The lawsuit, which has since been amended and now puts damages at $297 million, also claims that Citizens Bank employees defamed and disparaged O'Neill when the relationship between the bank and the King of Prussia developer soured and have harmed other business relationships he had.
In documents filed last month asking Sheppard to dismiss the case, Citizens Bank says O'Neill's claims have no basis in reality.
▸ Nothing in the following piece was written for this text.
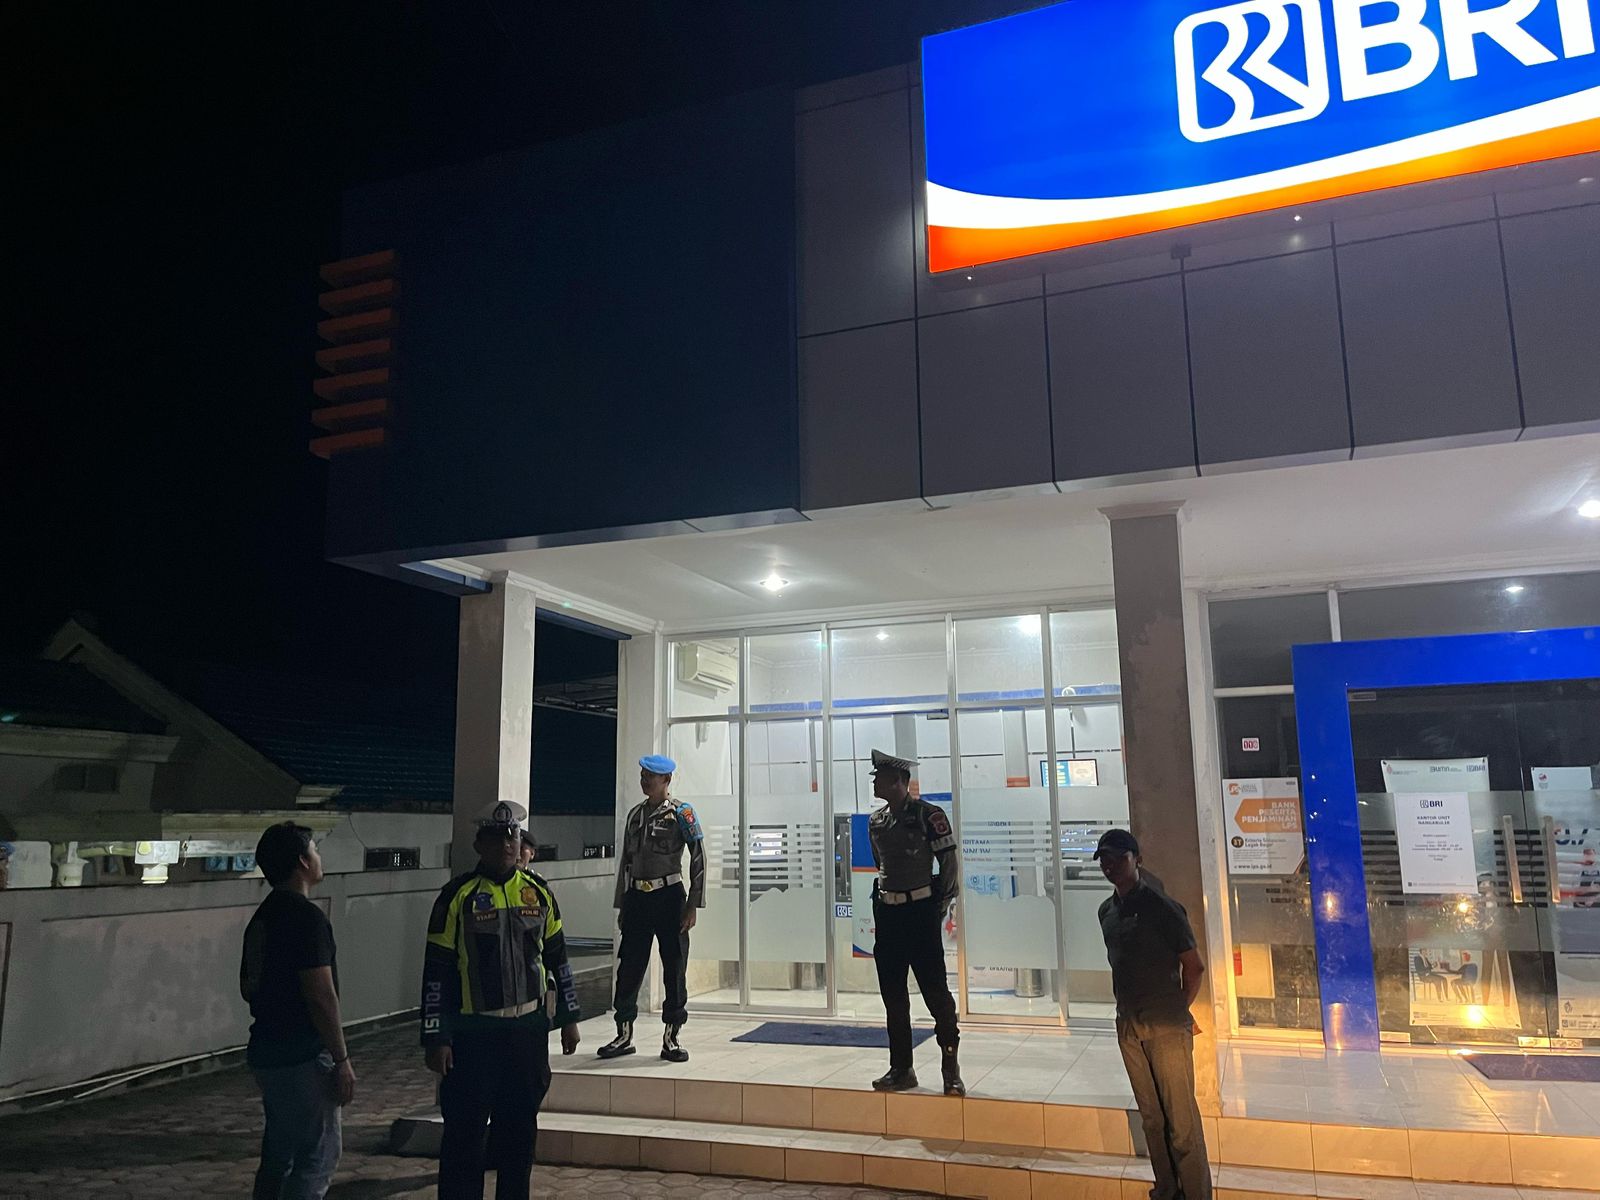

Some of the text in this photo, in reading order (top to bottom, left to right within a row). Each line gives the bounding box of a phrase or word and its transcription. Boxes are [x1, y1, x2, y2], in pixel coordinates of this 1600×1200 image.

The bank also contends that his suit is retaliation for the bank's trying to collect more than $60 million O'Neill owes for loans connected to the Uptown Worthington project.
In its unsparingly critical brief, Citizens asserts that "behind this facade of a massive, baseless damage claim and overheated, false accusations lies a jumble of patently defective legal claims."
The 87-page document, signed by Robert C. Heim, a lawyer with Dechert L.L.P. representing Citizens Bank and Citizens Financial Group Inc., accuses O'Neill of fabricating "from thin air" future financial obligations by Citizens to the $700 million Worthington development.
In the event Sheppard does not throw out the suit, Citizens has asked that O'Neill be limited to a bench trial, contending that he waived the right to jury trials as part of his financial agreements with the bank.
No more amiable is the 108-page response to the bank's brief filed Tuesday on behalf of O'Neill and his O'Neill Properties Group L.P.
"This case is about the fraud and other wrongdoing of a bank and its parent companies that destroyed the Worthington Project - at a time when it was performing ahead of expectations and was slated to create more than 14,000 jobs," wrote lawyer Steven M. Coren of Kaufman, Coren & Ress P.C.